*Material for the task*
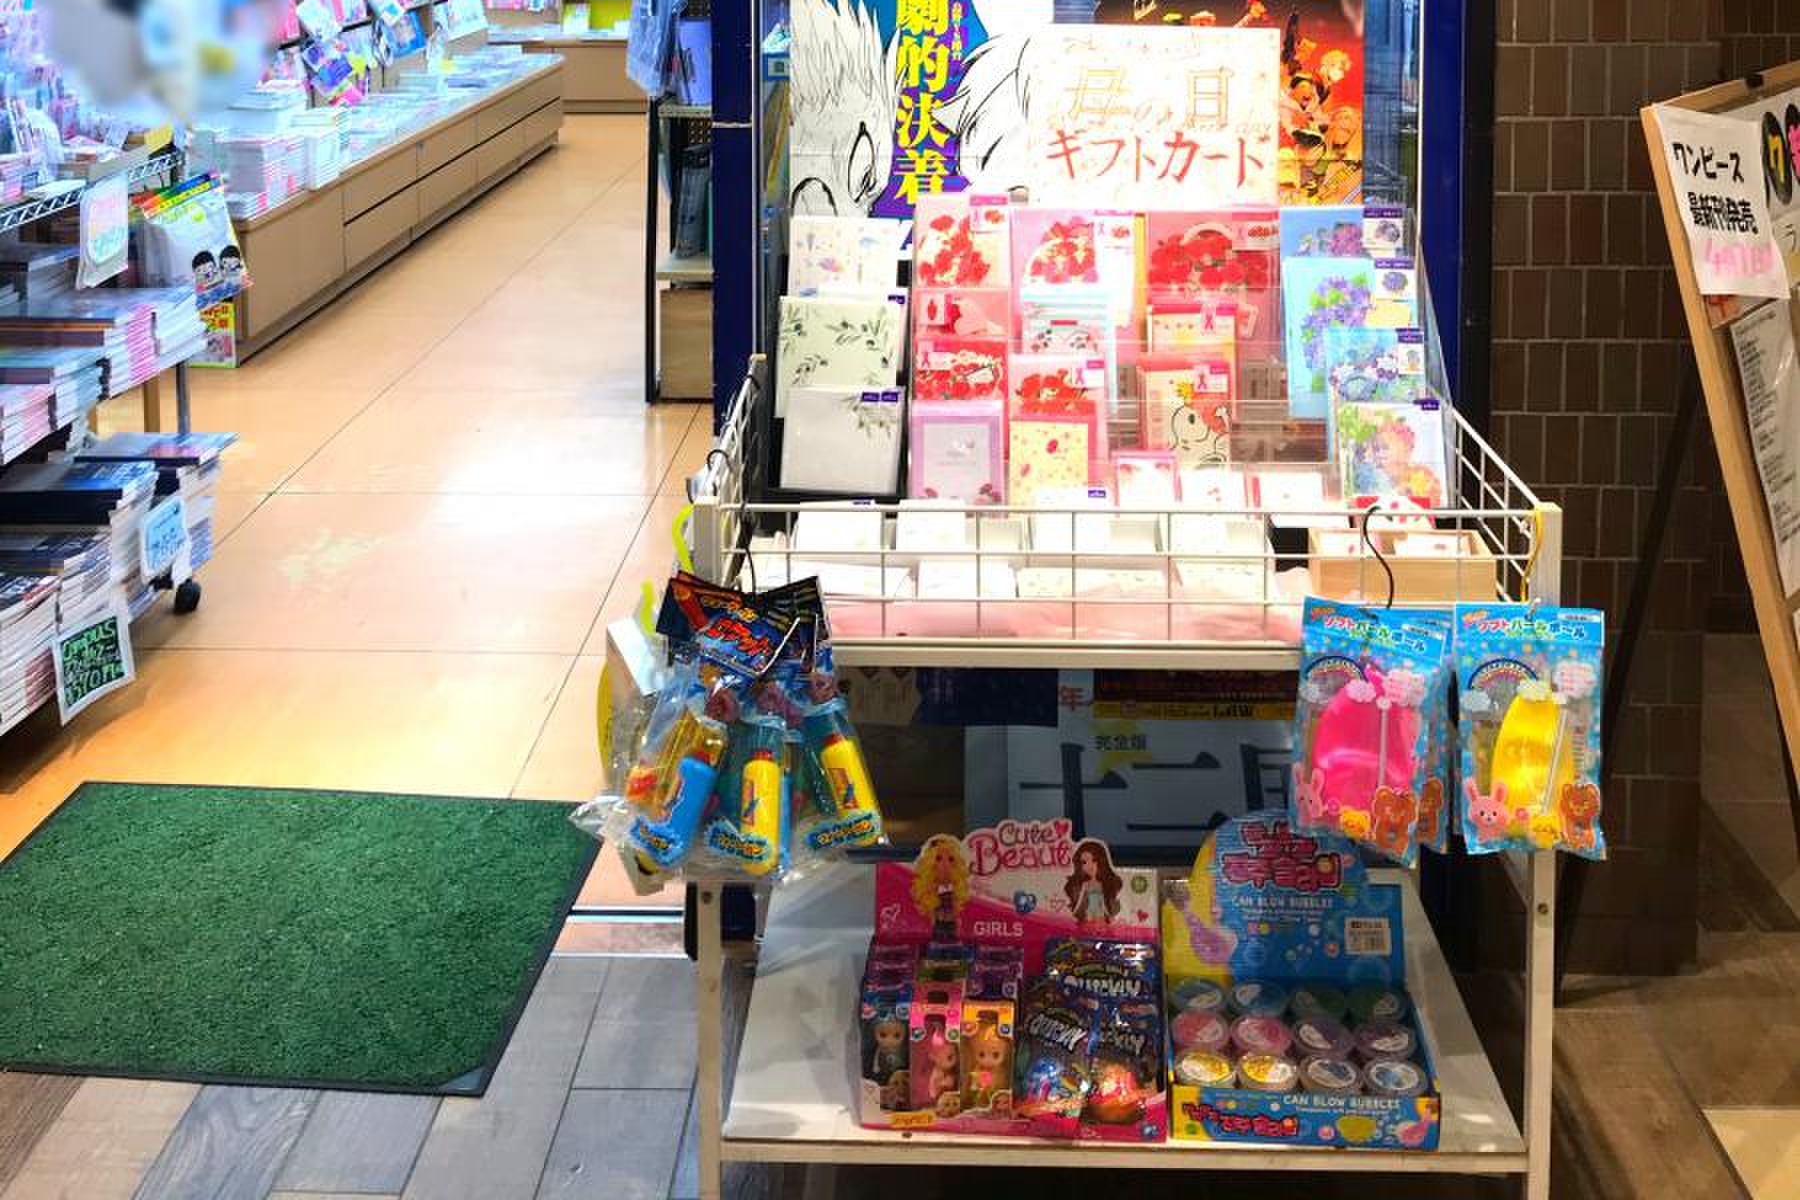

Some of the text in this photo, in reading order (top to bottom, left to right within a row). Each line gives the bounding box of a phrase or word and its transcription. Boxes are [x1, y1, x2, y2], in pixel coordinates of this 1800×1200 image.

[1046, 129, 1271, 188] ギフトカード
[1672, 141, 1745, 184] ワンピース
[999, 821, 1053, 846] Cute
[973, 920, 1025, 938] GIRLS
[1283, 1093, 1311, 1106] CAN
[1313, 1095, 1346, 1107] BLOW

*Assignment*
Pictures are not part of the copy; retype all the other material exactly.

*Exercise solution*
Some of the text in this photo, in reading order (top to bottom, left to right within a row). Each line gives the bounding box of a phrase or word and its transcription. Boxes are [x1, y1, x2, y2], in pixel coordinates of this 1800×1200 image.

[1046, 129, 1271, 188] ギフトカード
[1672, 141, 1745, 184] ワンピース
[999, 821, 1053, 846] Cute
[973, 920, 1025, 938] GIRLS
[1283, 1093, 1311, 1106] CAN
[1313, 1095, 1346, 1107] BLOW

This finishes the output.